Australian researchers have discovered a submerged coral 'high rise' underneath the Great Barrier Reef that is greater than the Empire State Building.
The isolated reef, the first to be found in over 120 years, ranges around 500 meters, making it taller than the Sydney Tower, and the Empire State Building, specialists from the Schmidt Ocean Institute said.
It was uncovered a week ago as researchers finished a submerged planning of the ocean bottom of the northern Great Barrier Reef off Far North Queensland. They utilized a submerged robot known as SuBastian, to investigate the reef.
Outfitted with automated arms and a camera, it took coral from the reef for logical assessment, livestreaming its investigation on YouTube.
Analysts said the base of the "sharp edge like" reef estimates 1.5km wide, rising 500 meters to its shallowest profundity of 40 meters underneath the waves.
There are seven other tall isolates reefs in the territory, including the reef at Raine Island - a critical green turtle settling site.
Undertaking pioneer Dr Robin Beaman said he was astounded by the disclosure.
"To 3D map the reef in detail, yet additionally outwardly observe this disclosure with SuBastian is inconceivable," Dr Beaman said.

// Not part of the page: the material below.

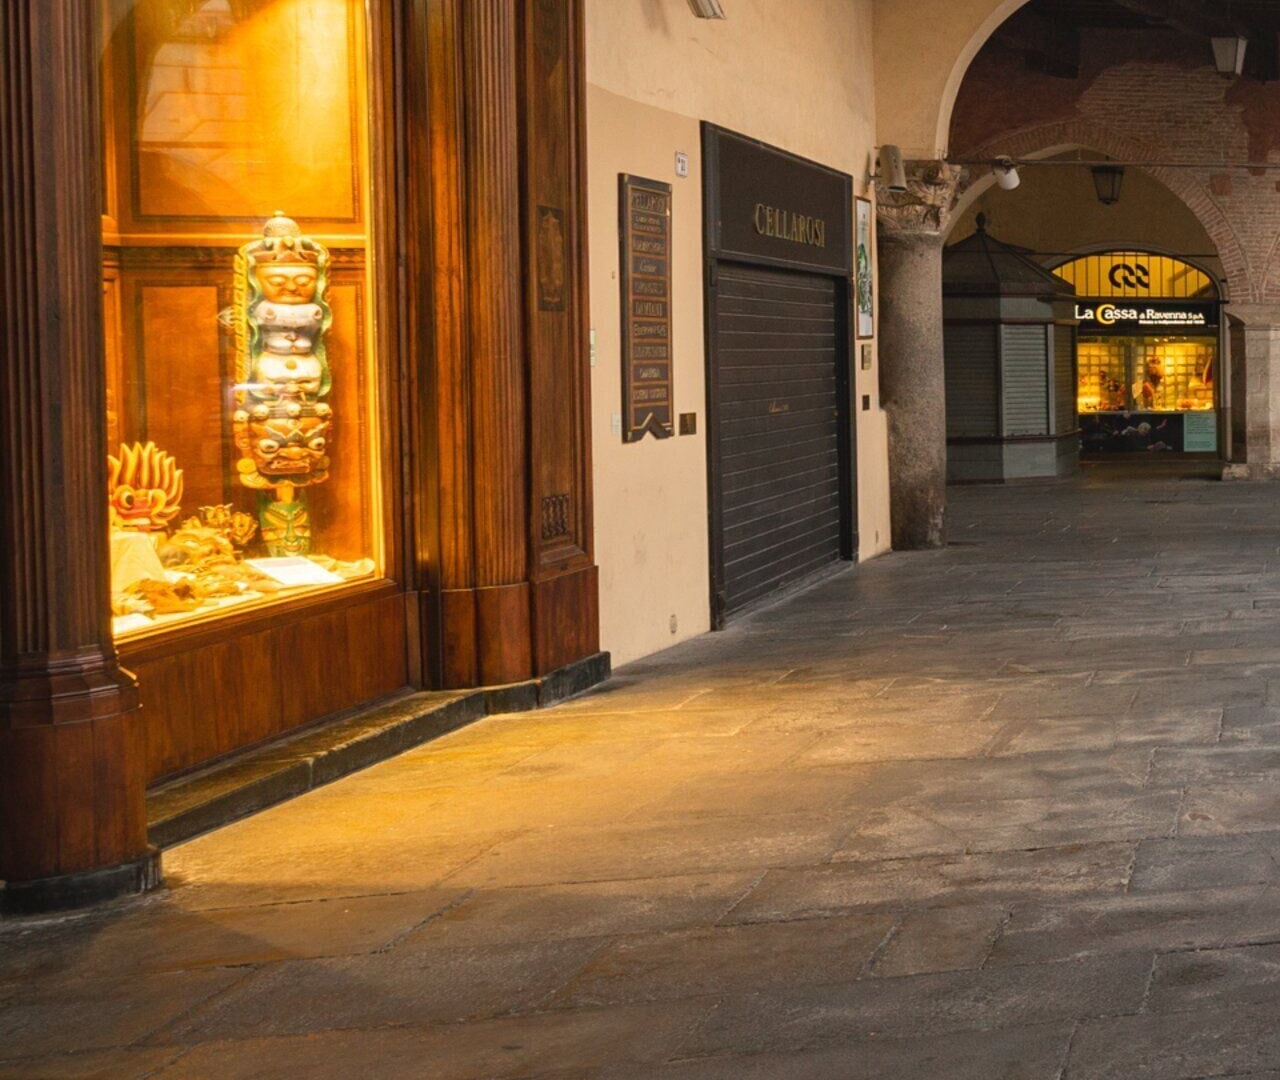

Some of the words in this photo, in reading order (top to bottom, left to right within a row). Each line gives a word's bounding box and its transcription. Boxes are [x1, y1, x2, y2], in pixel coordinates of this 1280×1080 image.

[755, 203, 825, 248] CELLAROSI
[1074, 304, 1094, 320] La
[1096, 303, 1138, 325] Cassa
[1146, 308, 1187, 320] Ravenna

"We are amazed and thrilled by what we have found. To 3D map the reef in detail, yet in addition outwardly observe this revelation with SuBastian is extraordinary."

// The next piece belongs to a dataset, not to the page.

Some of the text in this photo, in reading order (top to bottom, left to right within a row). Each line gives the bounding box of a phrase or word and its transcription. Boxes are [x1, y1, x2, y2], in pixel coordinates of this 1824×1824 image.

The endeavor was one of a progression of mechanical jumps arranged by the organization to investigate the seas around Australia.

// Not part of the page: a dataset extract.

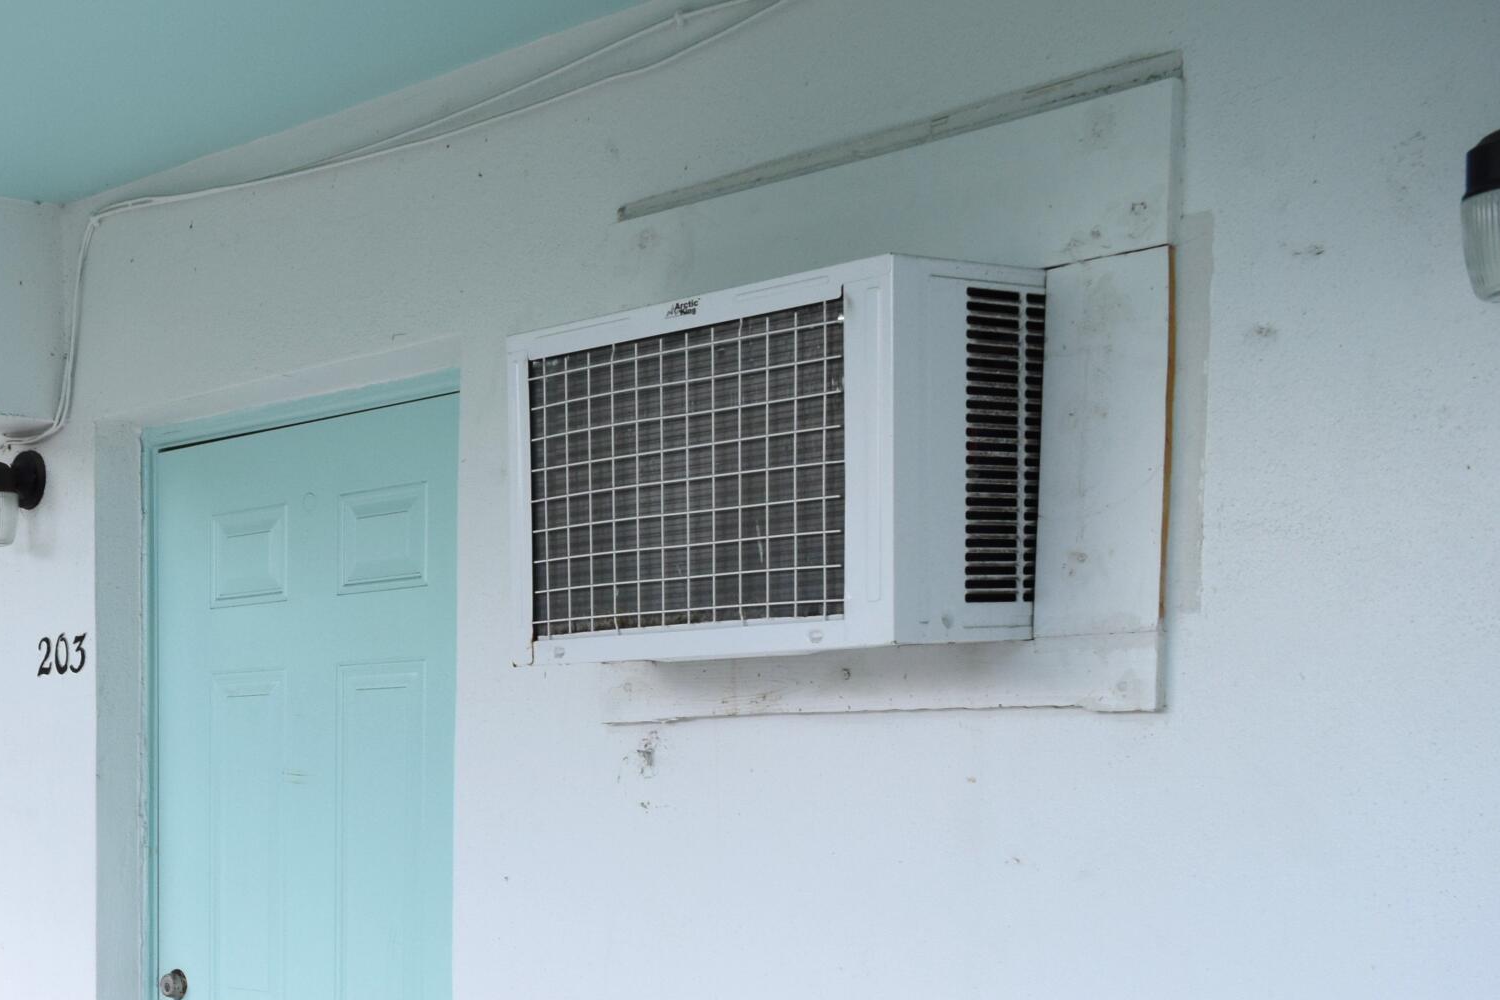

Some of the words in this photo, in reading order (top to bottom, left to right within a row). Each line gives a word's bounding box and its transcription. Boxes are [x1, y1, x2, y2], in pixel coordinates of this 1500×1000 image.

[675, 299, 699, 310] Arctic
[679, 308, 696, 316] King
[37, 632, 87, 676] 203

Specialists are relied upon to keep reviewing the region until November 17.
"To locate another a large portion of a-kilometer tall reef in the seaward Cape York territory of the all around perceived Great Barrier Reef shows how strange the world is simply past our coastline," Dr Jyotika Virmani, leader head of Schmidt Ocean Institute, said.
"This amazing blend of planning information and submerged symbolism will be utilized to comprehend this new reef and its function inside the mind boggling Great Barrier Reef World Heritage Area."
The Great Barrier Reef, the world's biggest coral reef, covers 345,000 square kilometers and is home to in excess of 1500 types of fish, 411 types of hard corals and many different species.